## ENTRIES SHOWN
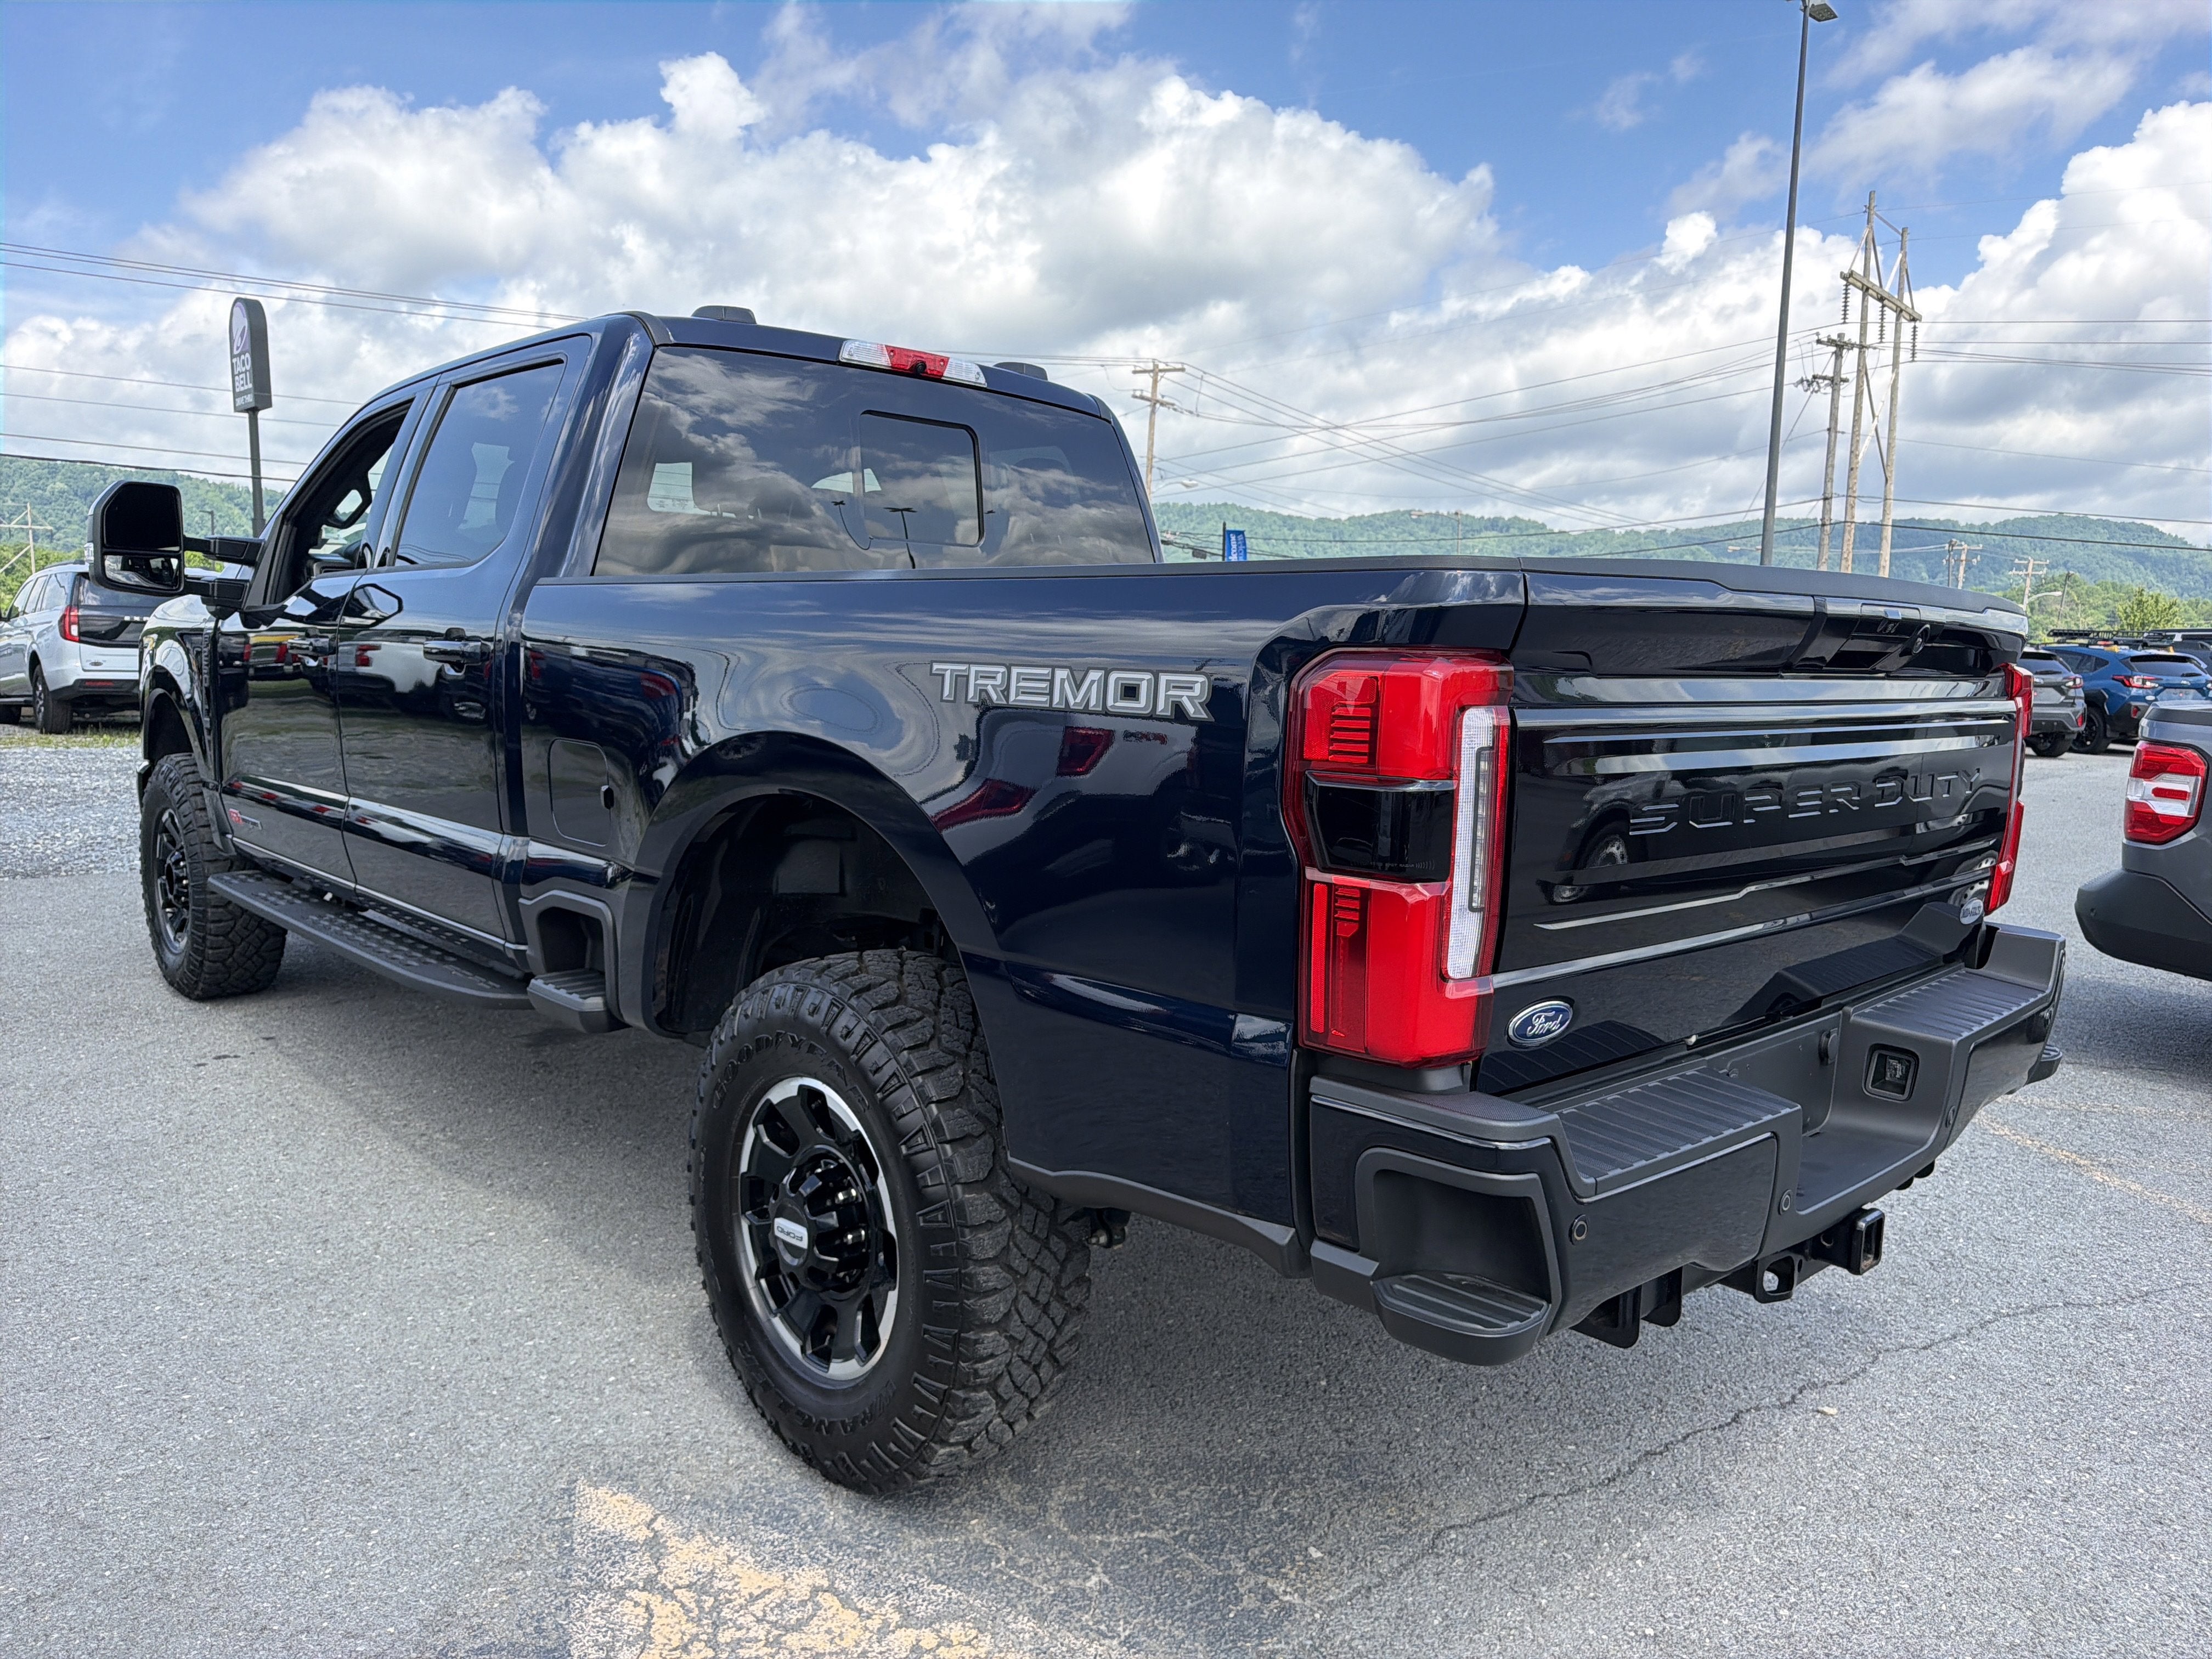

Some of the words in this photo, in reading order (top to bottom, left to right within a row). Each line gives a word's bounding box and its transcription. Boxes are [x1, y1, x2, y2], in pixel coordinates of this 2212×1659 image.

[233, 353, 251, 374] TACO
[235, 372, 252, 392] BELL
[931, 661, 1214, 721] TREMOR
[1629, 785, 1861, 835] SUPER
[1874, 768, 1979, 808] DUTY
[1527, 1011, 1562, 1036] Ford
[713, 1030, 870, 1113] GOODYEAR
[776, 1226, 803, 1242] FORD
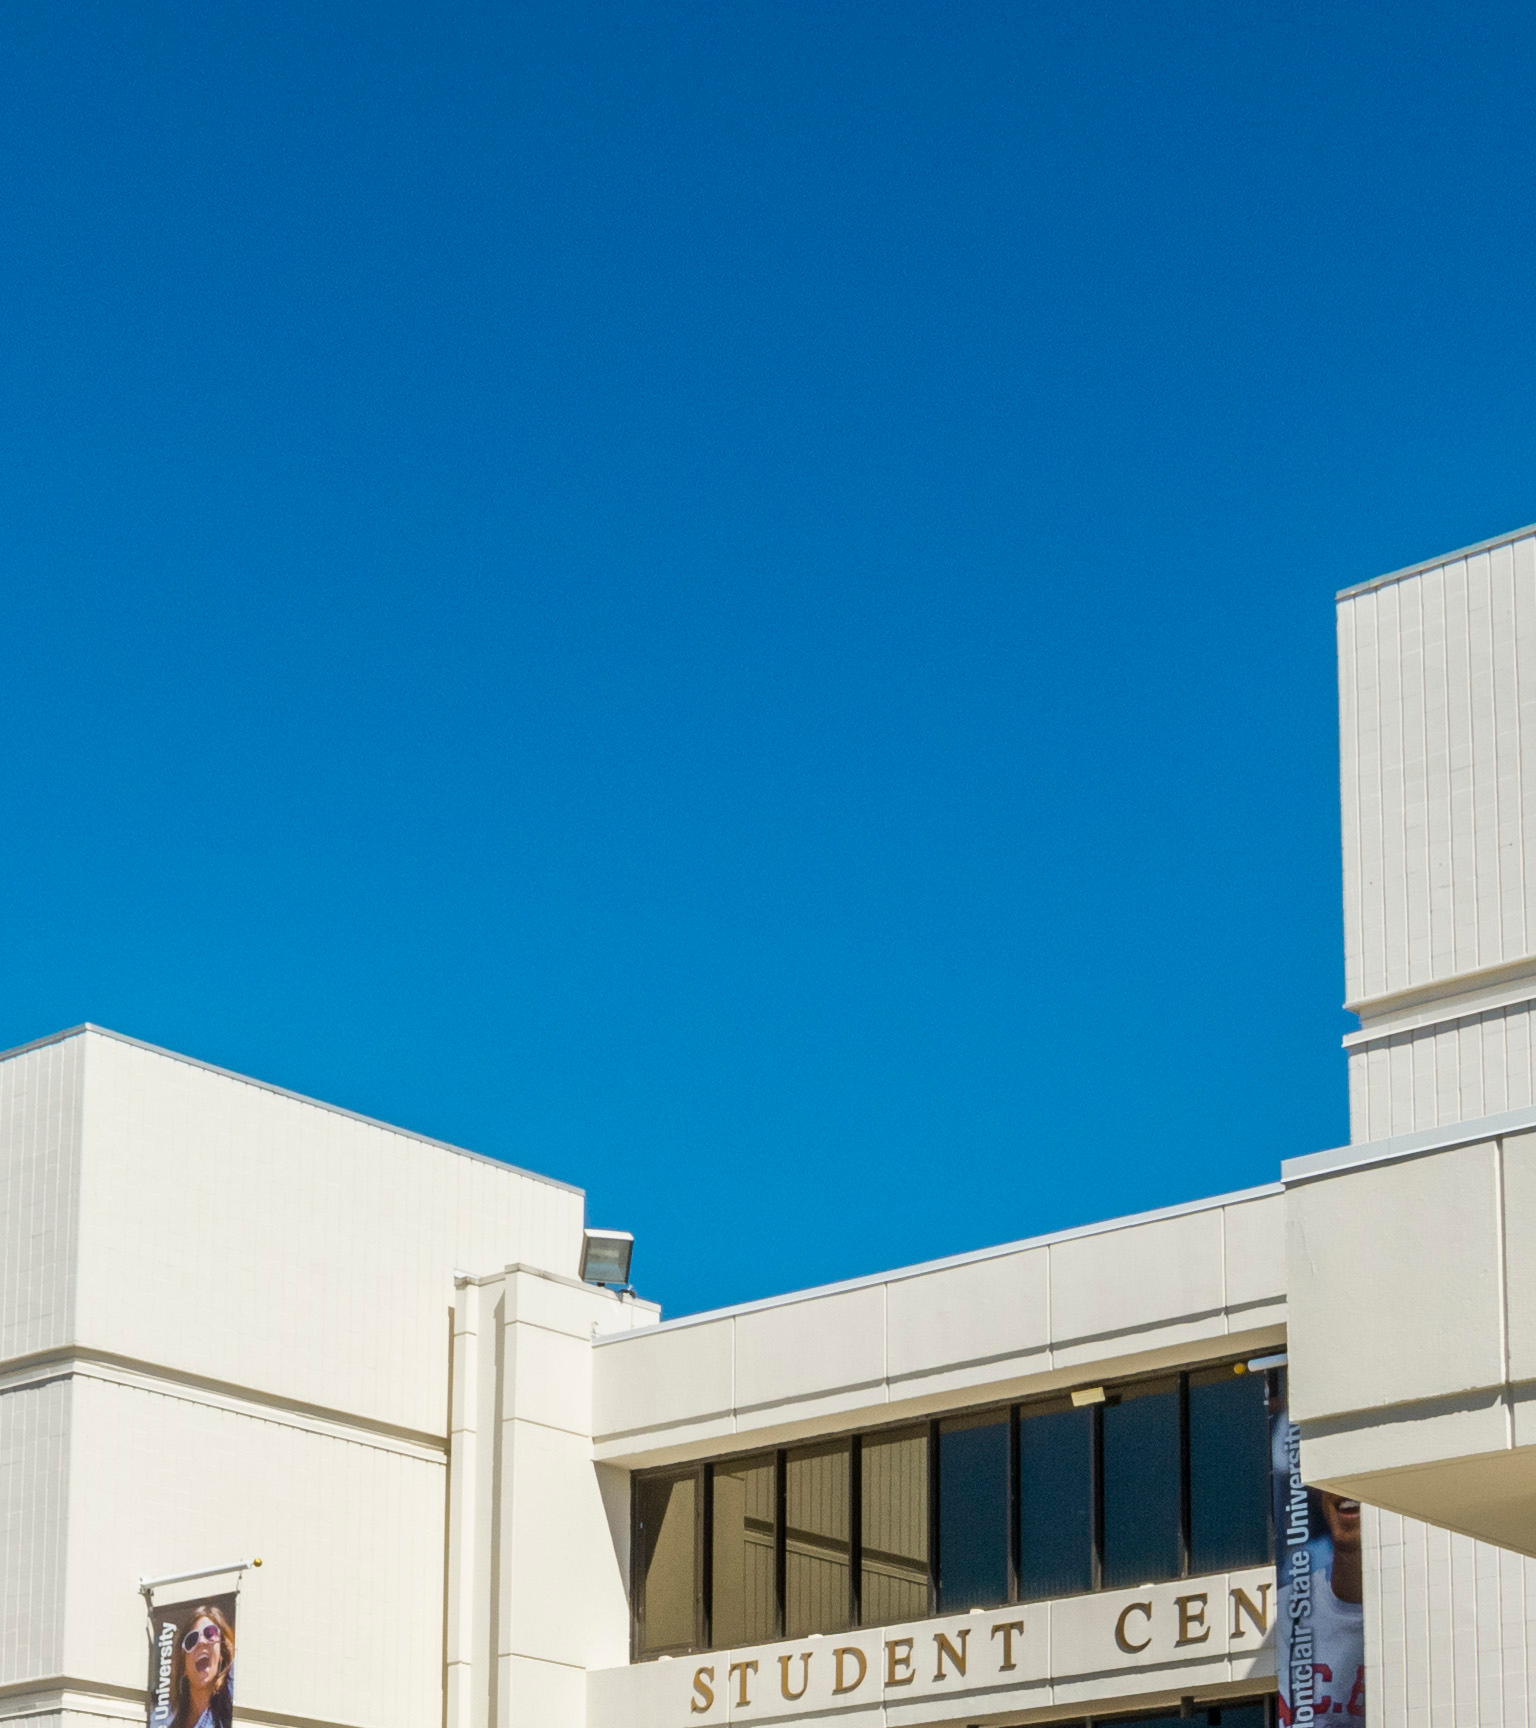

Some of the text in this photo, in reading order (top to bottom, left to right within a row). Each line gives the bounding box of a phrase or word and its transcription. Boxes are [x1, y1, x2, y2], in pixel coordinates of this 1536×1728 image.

[1289, 1551, 1312, 1619] State
[155, 1622, 177, 1720] University
[691, 1619, 1025, 1714] STUDENT

## PROBLEM DETAILS
From the line containing "Some of the text" down to the last line of the data, transcribe every line exactly; nothing else should appear.

## ANSWER SPACE
Some of the text in this photo, in reading order (top to bottom, left to right within a row). Each line gives the bounding box of a phrase or word and its transcription. Boxes are [x1, y1, x2, y2], in pixel coordinates of this 1536×1728 image.

[1289, 1551, 1312, 1619] State
[155, 1622, 177, 1720] University
[691, 1619, 1025, 1714] STUDENT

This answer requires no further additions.